Er wurde in die sogenannte "Prügelstube" gebracht, die sich im Gebäude der Stadtpolizei an der Rosengasse befand.[7] Diese Einrichtung diente dazu, politische Gegner und jüdische Bürger systematisch einzuschüchtern und zu misshandeln. Ein Zeuge berichtete Jahre später, dass Arnold Katzenstein mindestens einmal als Schutzhäftling geschlagen wurde.[8] Über weitere Misshandlungen geben die Akten keine Auskunft.
Kurz nach der Verhaftung von Arnold riefen die Nationalsozialisten auch zum Boykott des Modewarengeschäfts Katzenstein auf. [9] Dieser Boykott war Teil der reichsweiten Kampagne vom 1. April 1933, die von der NSDAP organisiert wurde. Bereits zuvor hatte es in Coburg aus der Bevölkerung heraus Boykottaktionen gegen jüdische Firmen, unter anderem gegen das Modewarengeschäft Katzenstein gegeben.[10] Unter diesen Umständen entschloss sich die Familie im April 1933 zur Schließung ihres Unternehmens und zur Flucht aus Coburg.[11] Die Katzensteins begaben sich nach Nürnberg, wo Arnolds Vater in der Essenweinstraße Nr. 8 eine Textilwaren- und Wäschehandlung eröffnete.[12]

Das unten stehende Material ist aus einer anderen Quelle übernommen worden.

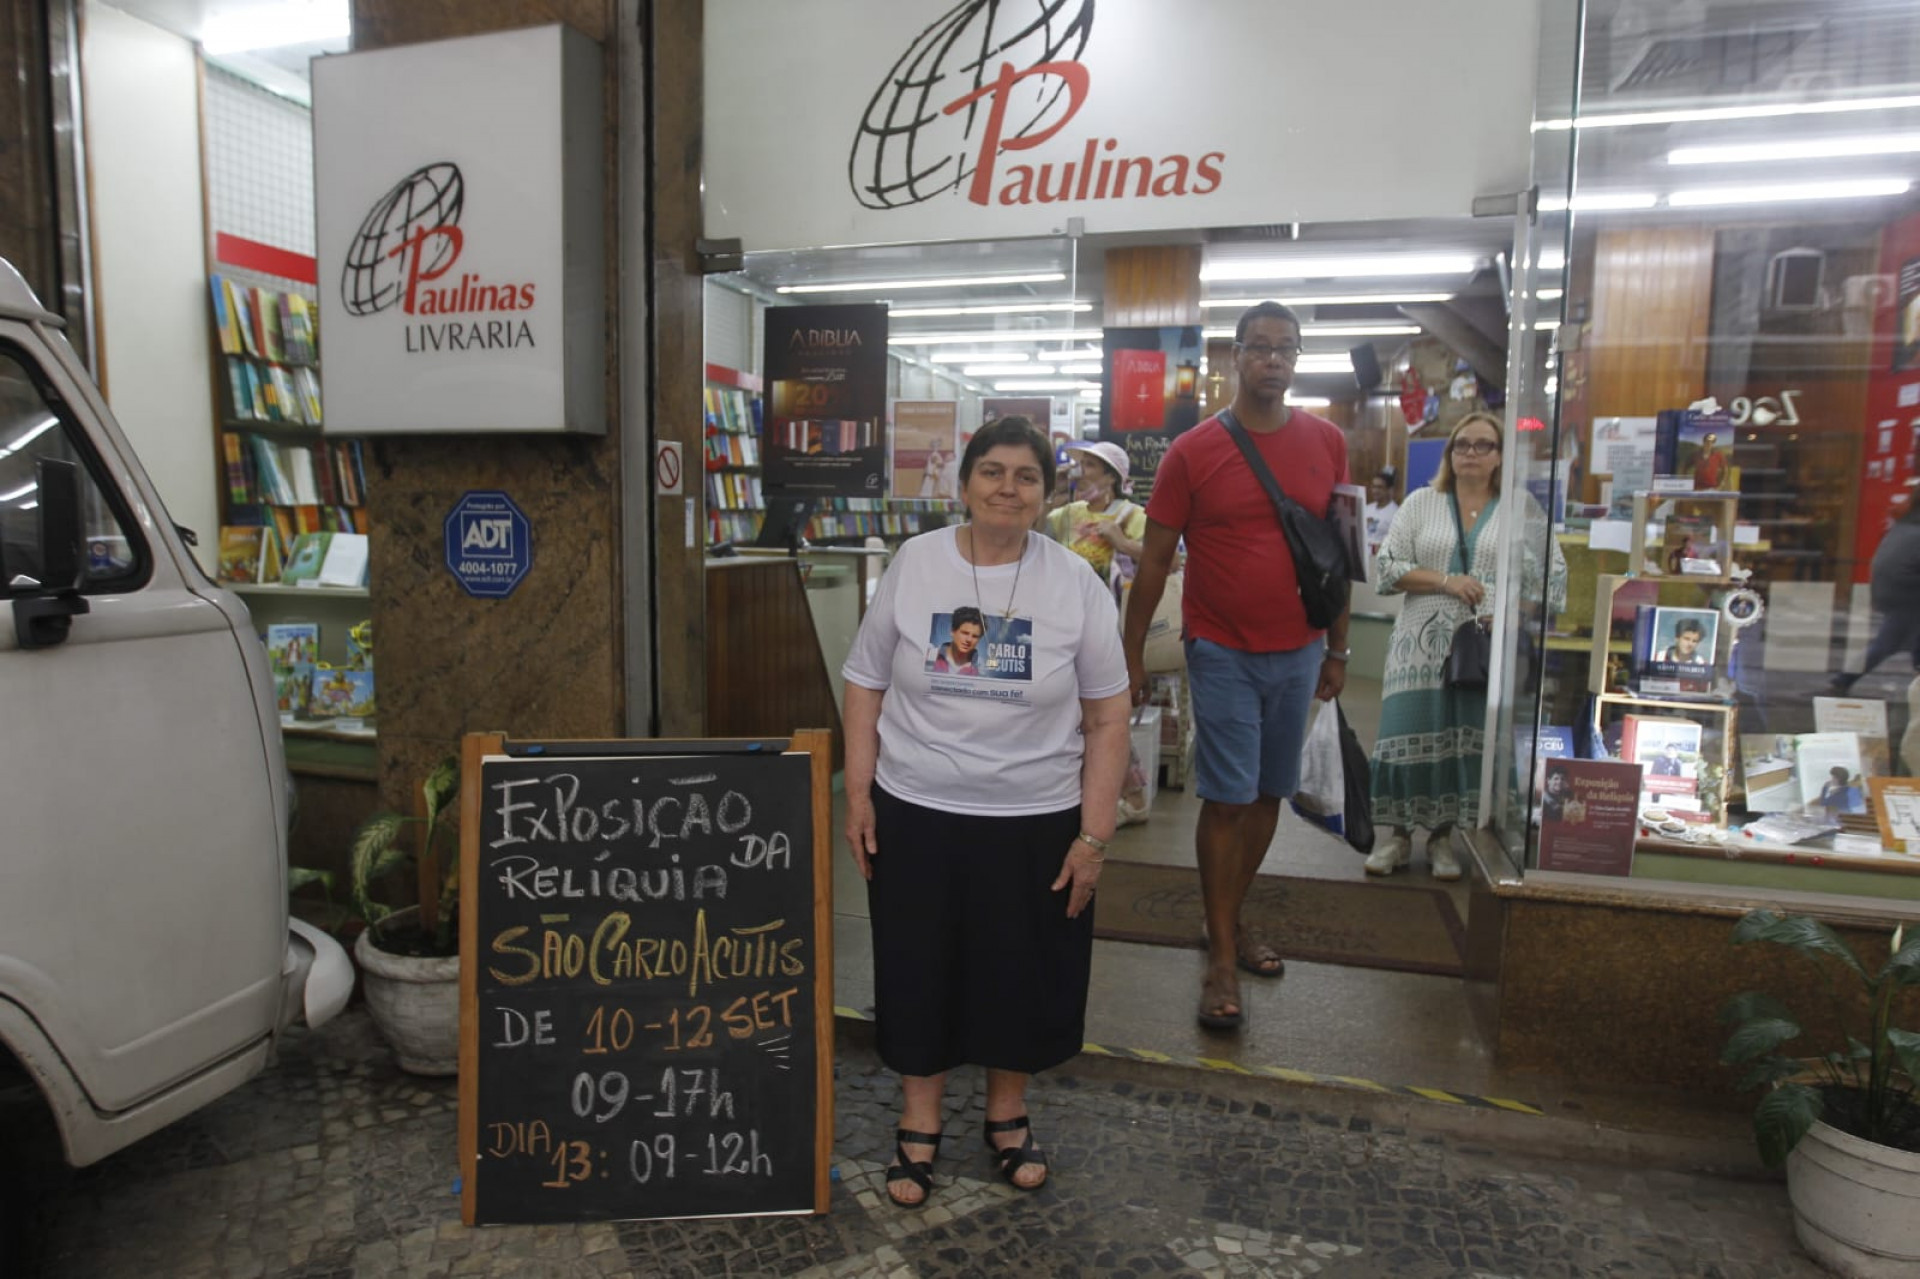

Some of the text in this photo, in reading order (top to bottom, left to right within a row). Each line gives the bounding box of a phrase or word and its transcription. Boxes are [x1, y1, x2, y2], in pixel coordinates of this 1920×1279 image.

Doch auch in Nürnberg konnte sich die Familie den zunehmend verschärften antijüdischen Gesetzen nicht entziehen. Mit den Nürnberger Gesetzen von 1935 wurde Juden ihre gesellschaftlichen Rechte massiv eingeschränkt. Die Entrechtung und wirtschaftliche Ausgrenzung schritt weiter voran und kulminierte im November 1938 in der Reichspogromnacht, während der jüdische Geschäfte, Synagogen und Wohnungen zerstört wurden. Dieses Ereignis markierte eine weitere Eskalation der Verfolgung, die schließlich in der systematischen Ermordung der europäischen Juden im Holocaust mündete.
Flucht
Das Leben für Juden in Deutschland wurde dadurch zunehmend unerträglicher. Jüdische Bürger verloren zunehmend ihre wirtschaftliche Existenz, wurden sozial immer stärker ausgegrenzt und waren staatlicher Willkür ausgesetzt. Vor diesem Hintergrund entschloss sich Arnold Katzenstein, Deutschland zu verlassen.
Sein Ziel waren die Vereinigten Staaten, wo bereits eine seiner Tanten lebte.[13] Die Tatsache, dass Verwandte in den USA waren, stellte für jüdische Familien, die vor den Nationalsozialisten flohen, eine wichtige, Unterstützung dar. Die US-Regierung hatte bereits in den 1920er Jahren strenge Einwanderungsquoten eingeführt, welche die Zuwanderung aus Deutschland erheblich begrenzten. Die US-Behörden vergaben Einwanderungsvisa nur unter strengen Auflagen. Antragsteller mussten nachweisen, dass sie finanziell abgesichert waren und dem Staat nicht zur Last fallen würden.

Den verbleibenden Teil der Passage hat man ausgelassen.